• [Records for processing]

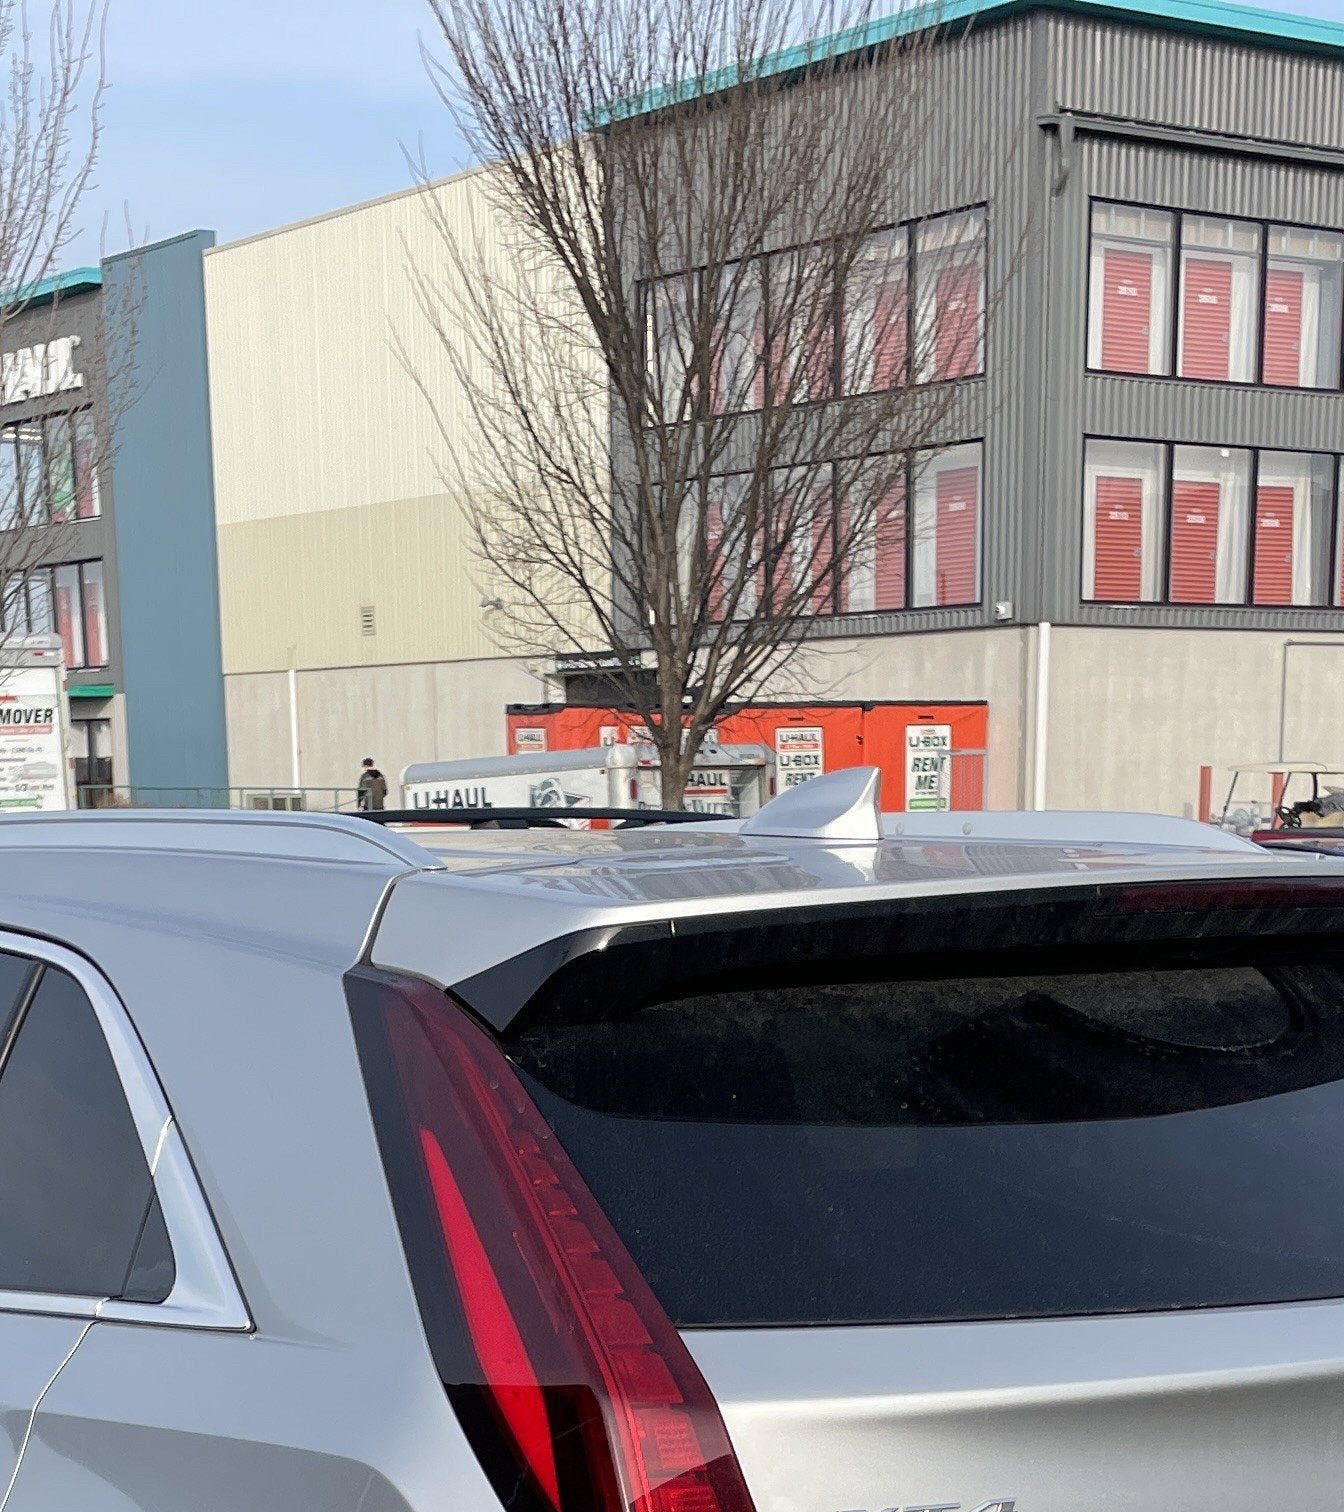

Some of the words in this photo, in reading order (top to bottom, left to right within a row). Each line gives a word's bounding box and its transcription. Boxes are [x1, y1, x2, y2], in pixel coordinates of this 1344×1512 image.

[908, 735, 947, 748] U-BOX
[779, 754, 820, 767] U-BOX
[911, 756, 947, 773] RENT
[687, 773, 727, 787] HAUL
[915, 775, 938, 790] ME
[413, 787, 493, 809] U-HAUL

• [Aim of the task] Type out the entries again without a single change, and leave the pictures out.

• [Your response]
Some of the words in this photo, in reading order (top to bottom, left to right within a row). Each line gives a word's bounding box and its transcription. Boxes are [x1, y1, x2, y2], in pixel coordinates of this 1344×1512 image.

[908, 735, 947, 748] U-BOX
[779, 754, 820, 767] U-BOX
[911, 756, 947, 773] RENT
[687, 773, 727, 787] HAUL
[915, 775, 938, 790] ME
[413, 787, 493, 809] U-HAUL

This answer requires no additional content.